Twenty-seven of New Mexico’s 33 county clerks petitioned the state Supreme Court to allow a mostly mail-in vote for the June 2 primary election.

That number included county clerks in Bernalillo, Santa Fe, and Torrance counties. The state’s Republican Party and others were granted standing by the Court, and are opposing the Petition.

The Petition lays out concerns for the health and safety of pollworkers, voters, and staff who run elections, citing the “stay at home” emergency order in the face of the ongoing novel coronavirus pandemic.

April 21 is the deadline for county clerks to appoint election boards. There are approximately 774 Election Boards appointed throughout the state, the petition says.

“For those election workers who do agree to receive their appointments, County Clerks are faced with a dilemma, as their most reliable and experienced workers come from an identified high risk population,” the petition says.

“County Clerks have a choice: (a) follow the provisions of the Election Code for the conduct of a statewide election and risk the lives of their staff and those community members supporting the election process, not to mention the voters exercising their franchise; or (b) violate their oath of office in order to protect the health and safety of their community, their voters, their staffs, and themselves. No public official should be placed in this position,” the petition says.

The petitioners asked the governor to call a special session of the Legislature to approve “either a change in the manner of voting for the 2020 Primary Election or a statute delegating to the Executive the ability to make limited changes to the election process in the face of a disaster or emergency,” but that request was denied, the petition says.

“The in-person convening of our 112 state legislators has the high likelihood of spreading this dangerous virus among individual legislators and may hav ethe effect of further spreading this disease to every cornedr of the state upon the return of each legislator to their respective districts,” wrote Kathyleen Kunkel, health secretary, in a letter denying that request.

The Supreme Court “is the last resort to both conduct a lawful election and preserve the public health,” the petitioners argued, adding, “the Parties have come to this Court to fashion a constitutional solution to proceed with the 2020 Primary Election in a manner that protects election workers and the public while honoring democracy.”

The petitioning county clerks asked the Court to allow them to follow procedures for special elections in state law. County clerks mail out ballots to each voter whose election-related mail has not been returned.

That includes a postage-paid return envelope. All voters could be issued provisional ballot if requested.
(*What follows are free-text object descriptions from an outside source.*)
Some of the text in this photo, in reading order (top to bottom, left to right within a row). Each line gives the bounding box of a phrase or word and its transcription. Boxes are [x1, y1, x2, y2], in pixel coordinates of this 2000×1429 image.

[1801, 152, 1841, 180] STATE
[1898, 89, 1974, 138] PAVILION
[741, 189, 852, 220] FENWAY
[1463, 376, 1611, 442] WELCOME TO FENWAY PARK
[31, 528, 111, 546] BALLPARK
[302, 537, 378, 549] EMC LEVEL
In-person voting would be allowed for some, including those requesting provisional ballots, or people with disabilities, court documents say.
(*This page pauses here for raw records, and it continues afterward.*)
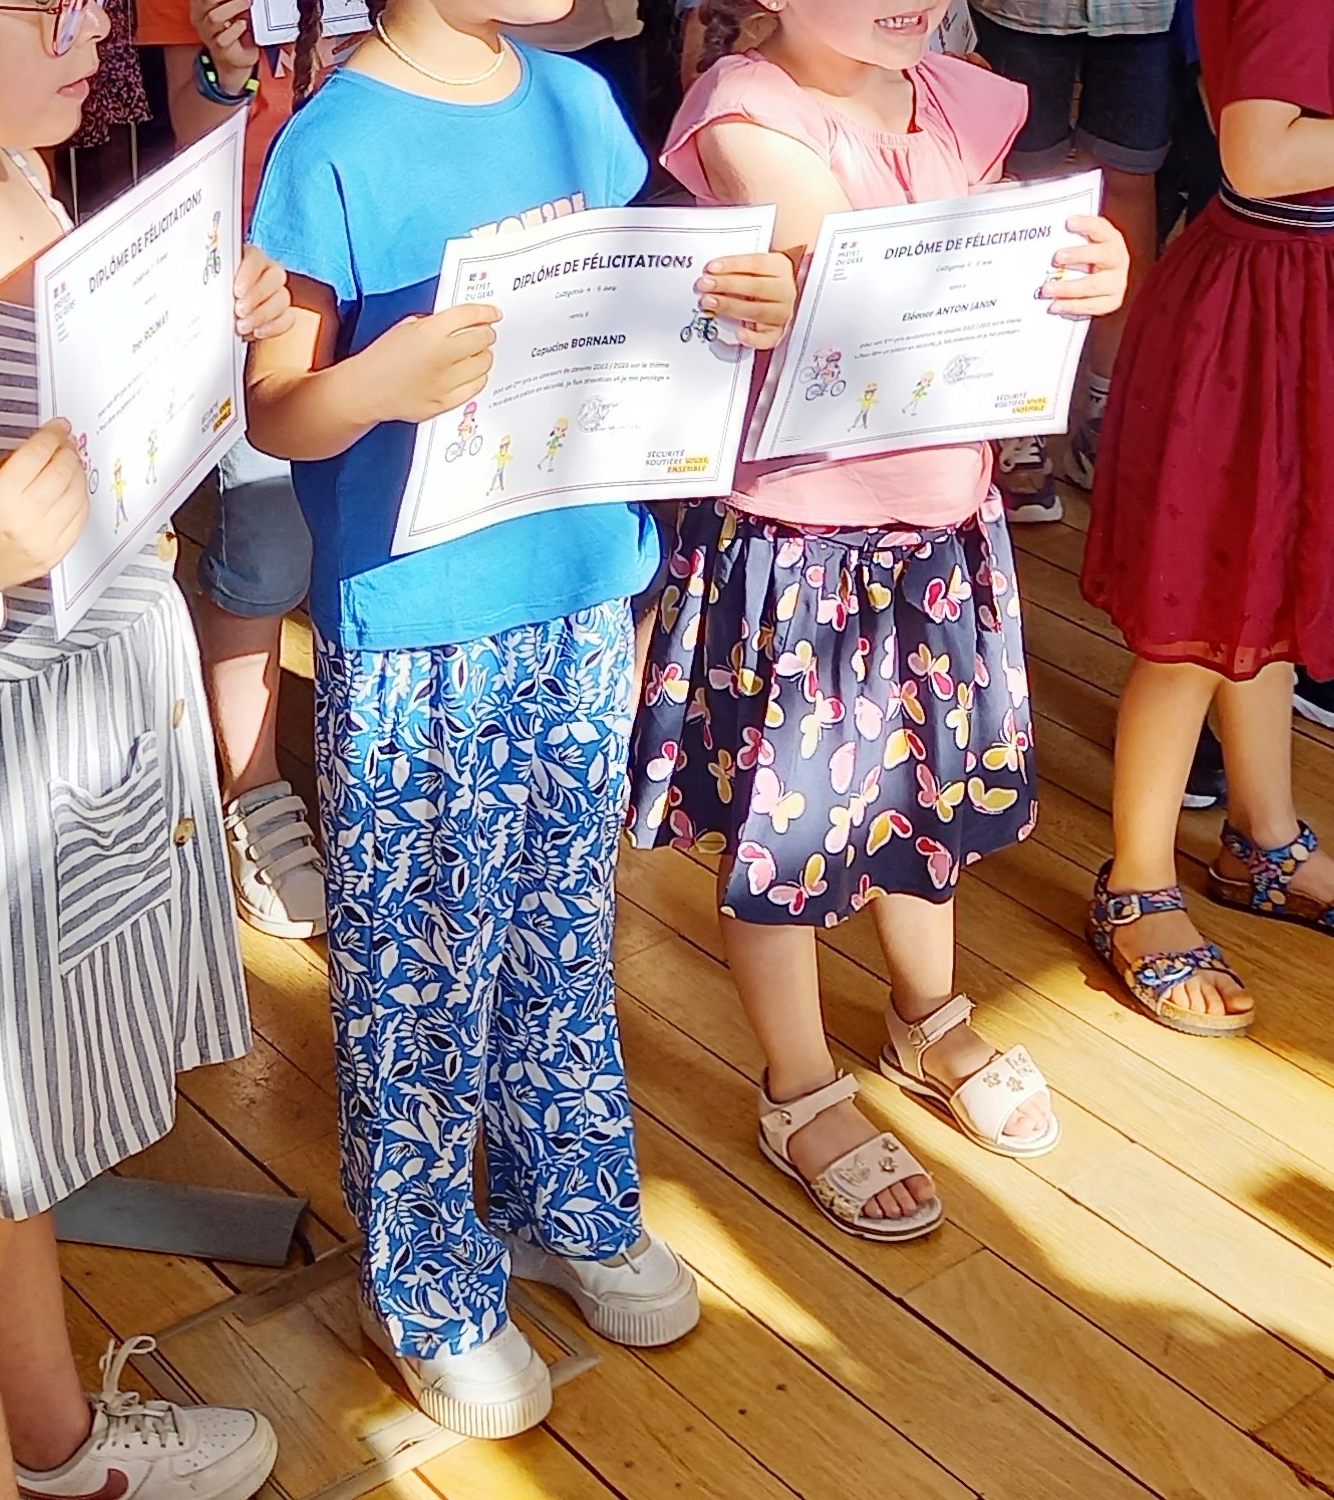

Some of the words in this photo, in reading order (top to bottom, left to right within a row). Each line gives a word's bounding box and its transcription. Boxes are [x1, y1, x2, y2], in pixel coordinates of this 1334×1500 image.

[88, 248, 129, 294] DIPLÔME
[131, 236, 143, 260] DE
[144, 188, 202, 250] FÉLICITATIONS
[884, 240, 942, 260] DIPLÔME
[944, 238, 962, 252] DE
[964, 224, 1052, 250] FÉLICITATIONS
[512, 264, 566, 292] DIPLÔME
[566, 258, 580, 274] DE
[582, 252, 694, 272] FÉLICITATIONS
[936, 304, 968, 316] ANTON
[531, 341, 569, 359] Capucine
[570, 334, 626, 349] BORNAND
The Republican Party of New Mexico, along with the remaining six county clerks and 29 state legislators, filed to intervene in the case “so that they may directly advocate to the Court their interests and the legal justifications to reject the Petition in this matter,” court documents say.

“Even if it were true that the Legislature cannot convene – which has not been established and is from all appearances simply untrue – and that a dramatic move from in-person voting to mail-in voting were necessary to promote public health, the Petition says not one word about why the simpler and safer approach of circulating absentee ballot applications to the public and encouraging them to voluntarily vote absentee would not suffice,” the Republican Party argued.

“There is no legal basis for this Court to grant relief sought by the Petition, and no factual basis that the Legislature – the indisputably and undisputedly appropriate body for making the changes to the Election Code the Petitioners request – is incapable of convening in a special or extraordinary session,” argued the group.

The Republican Party further argued that teleconferencing and videoconferencing are not prohibited by state law.

The Court granted the motion to intervene, and further ordered that a response to the Petition is requested from the governor, the Legislature, the state’s Democratic and Libertarian parties, and the League of Women Voters, with an April 8 deadline.

The Court asked those respondents to address the question of whether the Legislature may legally convene and vote remotely.

Oral arguments will be heard in the matter on April 14, “by audio-video connection as directed by the Clerk of Court,” the documents say.